You lift your gaze from your foot (from that bizarre foot), and from the blood (from that unfamiliar blood). Two people take notes and pictures of the dead neighbor whose body is on your patio. You look at Menéndez as though you’re seeing him for the first time, and you understand that the sound of the naked, toothless body belonging to the filthy old man that he was, the sound of him breaking on the blue tiles of your patio, encased you in anarchy, in the chaos originating in the neighbors who look at you with feigned pity and a certain cordial disdain, in the police who talk to you with words that are imperative, broken, mechanical, in the world that’s oppressively civilized and atrocious.

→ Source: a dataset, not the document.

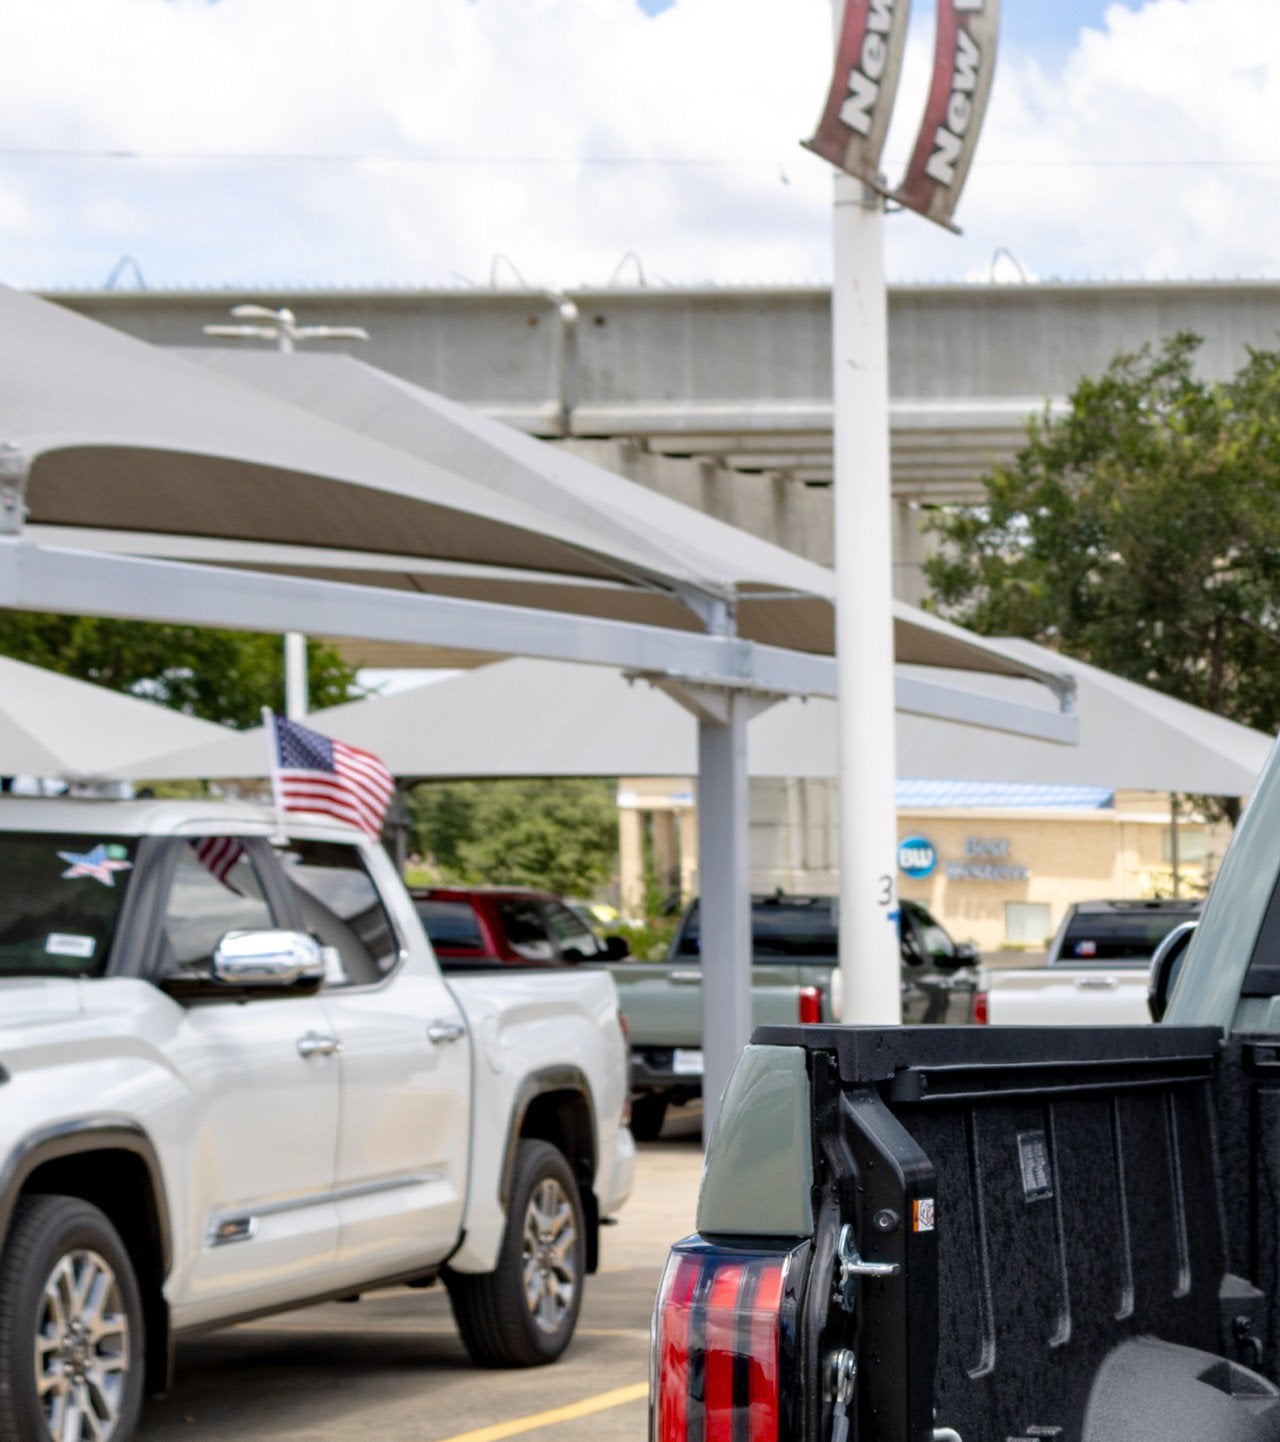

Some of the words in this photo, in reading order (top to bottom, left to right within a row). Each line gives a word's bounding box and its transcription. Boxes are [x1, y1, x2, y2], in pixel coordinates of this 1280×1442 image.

[924, 28, 981, 186] New
[900, 847, 933, 869] BW
[877, 874, 894, 906] 3

You cover yourself a little more with the blanket, though it’s a hot day, because now you know, with an acute certainty, that the sound forced you out of your ordered happiness, shattered your little life of comfort, wise choices, and adequate truths. There it is, the blow that was minuscule and forceful, the explosion of Menéndez’s body inside yours, under your bones. It’s a faint feeling, but you intuit that it’s definitive, irreversible. You inhale and exhale and the merciless sound invades the hollows of your home, the city, the world. It’s like the water in an underground river you can’t see; it’s hidden behind the blood, lurking, but you hear it wounding, with a relentless, light, and monstrous silence, the inside of your thoughts in the center of your cerebral cortex.